• Exercise details: Once the line containing "this 1280×961 image." is found, return it and every line that follows, up to and including the final line of the material, exactly as written.

• Data:
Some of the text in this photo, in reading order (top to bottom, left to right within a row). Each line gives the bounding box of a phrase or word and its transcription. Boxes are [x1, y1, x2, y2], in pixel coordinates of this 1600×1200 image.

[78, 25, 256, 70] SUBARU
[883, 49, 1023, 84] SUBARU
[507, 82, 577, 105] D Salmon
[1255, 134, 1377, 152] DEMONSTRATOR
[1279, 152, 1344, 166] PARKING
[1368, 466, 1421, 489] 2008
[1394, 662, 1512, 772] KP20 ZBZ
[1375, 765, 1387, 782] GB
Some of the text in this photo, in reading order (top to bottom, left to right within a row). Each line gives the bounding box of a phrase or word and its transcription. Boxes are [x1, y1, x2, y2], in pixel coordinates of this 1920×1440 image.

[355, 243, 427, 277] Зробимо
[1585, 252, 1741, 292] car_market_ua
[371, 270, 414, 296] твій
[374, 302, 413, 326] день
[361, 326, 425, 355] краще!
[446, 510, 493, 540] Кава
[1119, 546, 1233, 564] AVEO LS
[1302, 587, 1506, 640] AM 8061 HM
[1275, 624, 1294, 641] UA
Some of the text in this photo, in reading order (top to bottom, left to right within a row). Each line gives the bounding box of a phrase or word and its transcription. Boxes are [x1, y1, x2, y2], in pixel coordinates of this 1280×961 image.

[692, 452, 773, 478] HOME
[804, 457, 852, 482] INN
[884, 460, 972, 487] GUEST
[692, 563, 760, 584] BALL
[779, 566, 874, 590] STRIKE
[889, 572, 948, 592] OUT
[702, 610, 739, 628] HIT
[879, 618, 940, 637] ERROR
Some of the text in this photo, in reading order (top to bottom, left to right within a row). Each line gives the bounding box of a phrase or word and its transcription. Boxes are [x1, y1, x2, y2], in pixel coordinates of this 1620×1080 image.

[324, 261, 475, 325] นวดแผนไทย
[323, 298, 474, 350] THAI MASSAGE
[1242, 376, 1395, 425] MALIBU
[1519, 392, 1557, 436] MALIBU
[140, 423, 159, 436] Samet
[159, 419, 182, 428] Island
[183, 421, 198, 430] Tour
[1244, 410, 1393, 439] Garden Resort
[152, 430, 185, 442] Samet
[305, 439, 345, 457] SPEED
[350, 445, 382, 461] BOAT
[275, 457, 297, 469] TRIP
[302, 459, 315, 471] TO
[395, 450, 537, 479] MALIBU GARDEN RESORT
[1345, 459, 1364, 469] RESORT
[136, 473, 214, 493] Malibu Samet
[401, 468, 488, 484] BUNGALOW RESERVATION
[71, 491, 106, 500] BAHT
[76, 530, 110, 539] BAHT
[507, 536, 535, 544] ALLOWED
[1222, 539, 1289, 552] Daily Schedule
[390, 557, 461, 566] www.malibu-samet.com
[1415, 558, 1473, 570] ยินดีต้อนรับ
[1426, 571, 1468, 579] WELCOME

• Answer to this problem:
Some of the text in this photo, in reading order (top to bottom, left to right within a row). Each line gives the bounding box of a phrase or word and its transcription. Boxes are [x1, y1, x2, y2], in pixel coordinates of this 1280×961 image.

[692, 452, 773, 478] HOME
[804, 457, 852, 482] INN
[884, 460, 972, 487] GUEST
[692, 563, 760, 584] BALL
[779, 566, 874, 590] STRIKE
[889, 572, 948, 592] OUT
[702, 610, 739, 628] HIT
[879, 618, 940, 637] ERROR
Some of the text in this photo, in reading order (top to bottom, left to right within a row). Each line gives the bounding box of a phrase or word and its transcription. Boxes are [x1, y1, x2, y2], in pixel coordinates of this 1620×1080 image.

[324, 261, 475, 325] นวดแผนไทย
[323, 298, 474, 350] THAI MASSAGE
[1242, 376, 1395, 425] MALIBU
[1519, 392, 1557, 436] MALIBU
[140, 423, 159, 436] Samet
[159, 419, 182, 428] Island
[183, 421, 198, 430] Tour
[1244, 410, 1393, 439] Garden Resort
[152, 430, 185, 442] Samet
[305, 439, 345, 457] SPEED
[350, 445, 382, 461] BOAT
[275, 457, 297, 469] TRIP
[302, 459, 315, 471] TO
[395, 450, 537, 479] MALIBU GARDEN RESORT
[1345, 459, 1364, 469] RESORT
[136, 473, 214, 493] Malibu Samet
[401, 468, 488, 484] BUNGALOW RESERVATION
[71, 491, 106, 500] BAHT
[76, 530, 110, 539] BAHT
[507, 536, 535, 544] ALLOWED
[1222, 539, 1289, 552] Daily Schedule
[390, 557, 461, 566] www.malibu-samet.com
[1415, 558, 1473, 570] ยินดีต้อนรับ
[1426, 571, 1468, 579] WELCOME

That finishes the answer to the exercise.